My back before and after, before on left, after on right
The nurse called Eric to come back down so I could be discharged and the doctor came in and showed me the difference in the MRI's. Basically, the before and the after. It's amazing the difference in my vertebrae. Although, it may look like it would give me some height back, the procedure does not do that. Too bad. Guess I will be 5'4" from now on. All I can do is stand tall and make myself look taller. Hehe! I will say, I didn't feel any bone pain at this point. The only thing I felt at this point was the bandage. It felt/feels weird where it's at. It will stay there for a while. I was told I could shower but I could not take a bath for a while, until the small hole has healed up where the needle went in to put the cement in my back.
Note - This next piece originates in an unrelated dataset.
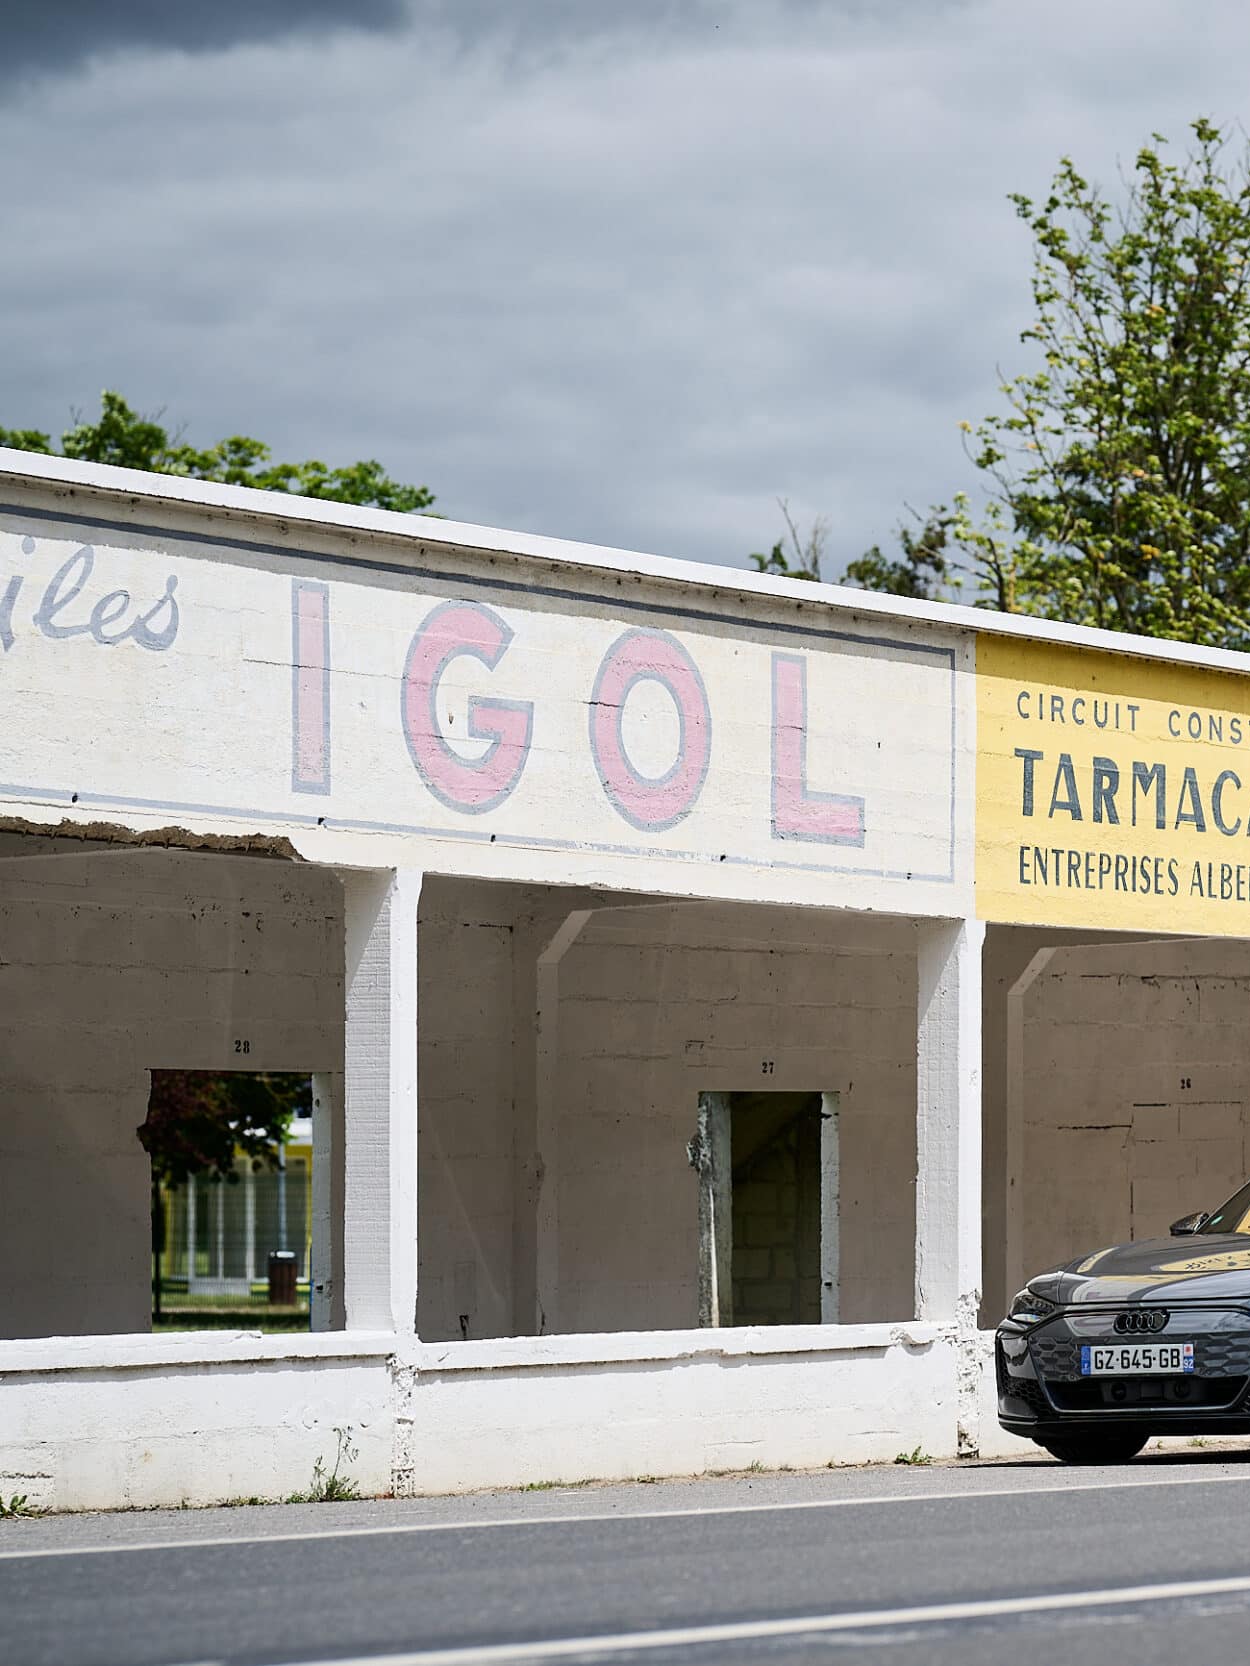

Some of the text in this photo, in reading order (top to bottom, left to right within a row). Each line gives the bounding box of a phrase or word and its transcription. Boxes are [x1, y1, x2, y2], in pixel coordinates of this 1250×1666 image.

On the drive home, the only discomfort I had was the bandage on my back. We got home, and as the night went on, my back slowly started to hurt. Not the bone pain I had before, but the soreness pain from the procedure. The soreness really hit around 10pm. That was once the local anesthetic really wore off. So, all night I was in pain. The different pain. When the nurse called this morning to check on me, I described the pain and she said that's the right pain. It's kind of like being in a fight and having bruises. Like a bruising pain. Not the bone pain I once had. So much better. Eric gave me one of my pain meds before he took Brandon to day care this morning and I was able to finally sleep some. When I woke up at about 12:30 or so, the bruising pain ad gone down and there is still no bone pain. I almost feel like it's too good to be true. All of this. That the pain will be back tomorrow or something. I need to remember, it's fixed, for now. Yes, it can come back in a few years, but for now the bone pain is gone and I will be able to live a normal life again.
Now, off to get cleaned up and make a run to Target before I go and get Brandon from day care. I can make a delicious dinner tonight and not hurt while making it. I can do the dishes and clean up afterwards and not be in pain. I can be a normal human being again. And for that, I am grateful.